Specialities include brain tumours (glioma, meningioma, pineal tumours and cerebral metastases); pituitary tumours; brain haemorrhage; and trigeminal neuralgia.

Pineal tumours

Pineal tumours occur in and around the pineal gland, almost in the centre of the brain. They are rare, accounting only for around 1 per cent of all brain tumours diagnosed in the UK. The several different kinds of pineal tumours all have differing characteristics and they often require a combination of treatments, including surgery, radiotherapy and chemotherapy. The London Clinic can offer all of these under the one roof.

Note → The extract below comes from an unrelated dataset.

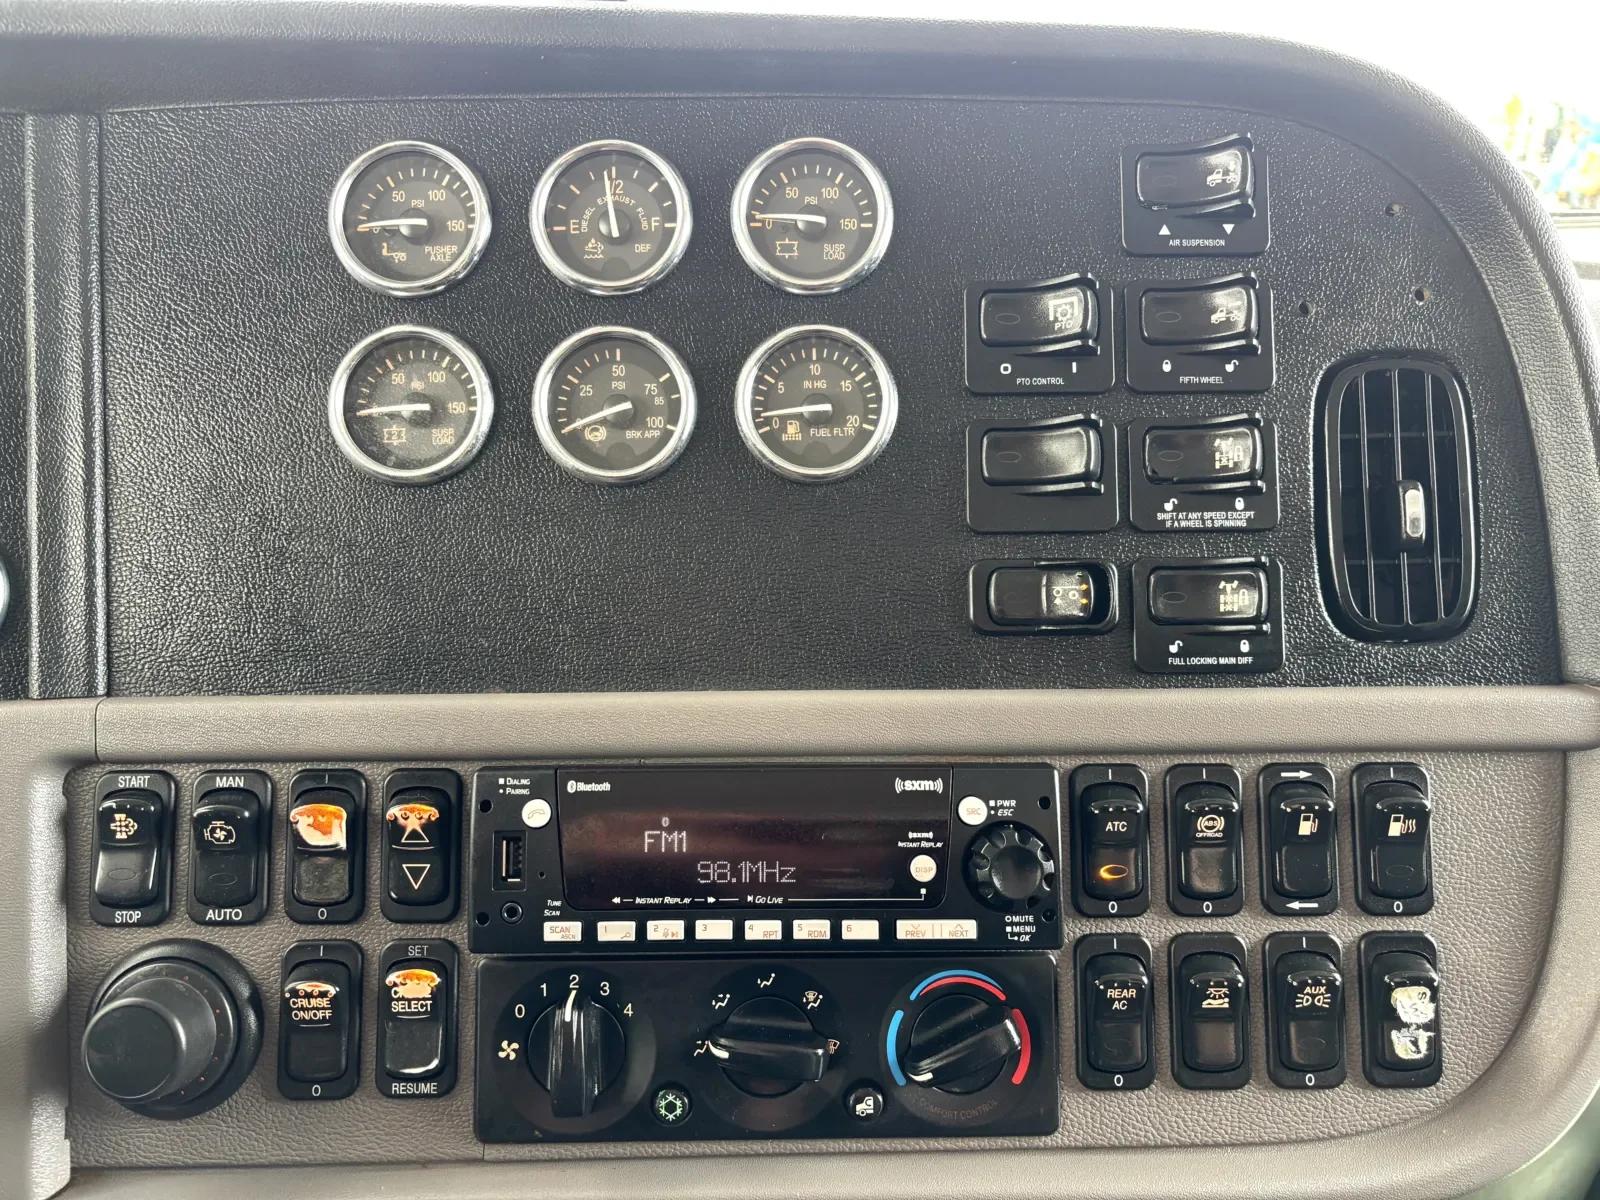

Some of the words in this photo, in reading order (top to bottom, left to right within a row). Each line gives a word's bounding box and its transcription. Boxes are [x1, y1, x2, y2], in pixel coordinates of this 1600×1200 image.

A pineal tumour may cause a rise in the pressure inside your brain, give you problems when looking up, or cause your walk to become unsteady. Your treatment as with all brain tumours will be planned and monitored by a team of specialists (a multidisciplinary approach), involving a neuroncologist (cancer specialist), neurologist (brain specialist), neuropathologist (tissue specialist), endocrinologist (hormone specialist) as well as the skills of Peter Bullock (neurosurgeon).


In order to build up a picture of your brain, The London Clinic may offer the following:

CT scan: this machine takes a series of x-rays to build up a 3D image of your brain. It takes 10 minutes and is painless, and the radiation level used is very low. You should not eat or drink for four hours beforehand, and you may be given an injection of contrast to allow certain areas to show up more clearly under the CT scanner.

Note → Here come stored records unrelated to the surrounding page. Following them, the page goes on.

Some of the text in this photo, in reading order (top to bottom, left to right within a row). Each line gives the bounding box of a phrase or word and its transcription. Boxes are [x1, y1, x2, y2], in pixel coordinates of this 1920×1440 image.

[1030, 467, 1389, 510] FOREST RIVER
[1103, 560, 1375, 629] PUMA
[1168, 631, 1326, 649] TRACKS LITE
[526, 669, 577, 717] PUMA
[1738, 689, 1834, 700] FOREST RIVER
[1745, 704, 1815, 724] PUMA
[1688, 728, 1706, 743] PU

MRI scan: this is similar to a CT scan but uses magnetism rather than x-rays. The MR images are used for planning the optimum surgical approach. It can be slightly uncomfortable and noisy, and can make some patients feel claustrophobic: it takes around 30 minutes. You cannot have an MRI if you have a pacemaker or any kind of metal implant in your body.

Surgery with biopsy only may be required for deep tumours: this will involve Peter Bullock removing a small section of the tumour for testing by our neuropathologist Dr Safa Al-Sarraj. Once the type of tumour has been diagnosed, your treatment can be planned.

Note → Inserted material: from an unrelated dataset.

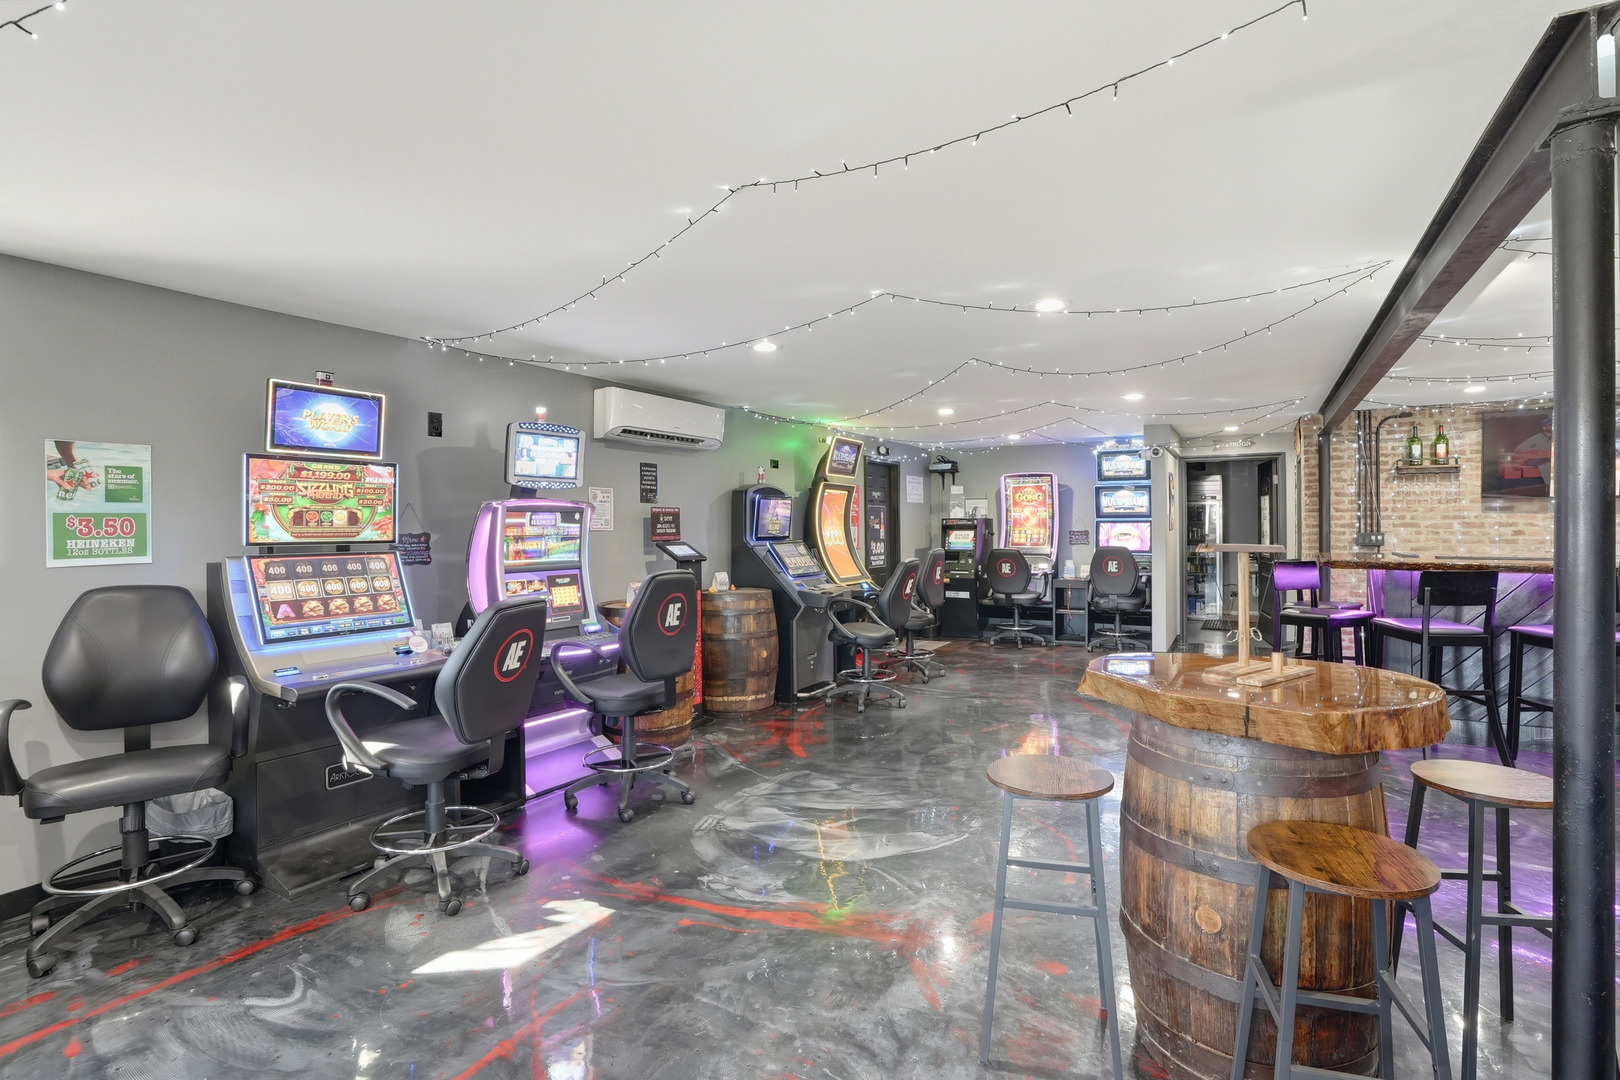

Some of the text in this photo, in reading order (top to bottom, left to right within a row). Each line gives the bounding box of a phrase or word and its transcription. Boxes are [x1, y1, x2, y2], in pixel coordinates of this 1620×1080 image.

Blood tests: blood tests will be done to establish the nature of your pineal tumour and whether yours will require biopsy, surgery or only radiotherapy.


Surgery: Peter Bullock will remove as much of the tumour as possible via surgery However, because the pineal gland is located deep in the centre of brain, it may not possible to remove all of a tumour, so surgery may be followed by radiotherapy and chemotherapy.

Radiotherapy: if your tumour cannot be entirely removed by surgery and a small part of it has to be left in place, then a range of radiotherapy options are considered by the multidiscipinary team.

Chemotherapy: a range of chemotherapy treatments may be offered to you. In addition, you may be offered the opportunity to participate in clinical drug trials.

Follow-up: all pineal tumour patients have follow-up scans for several years.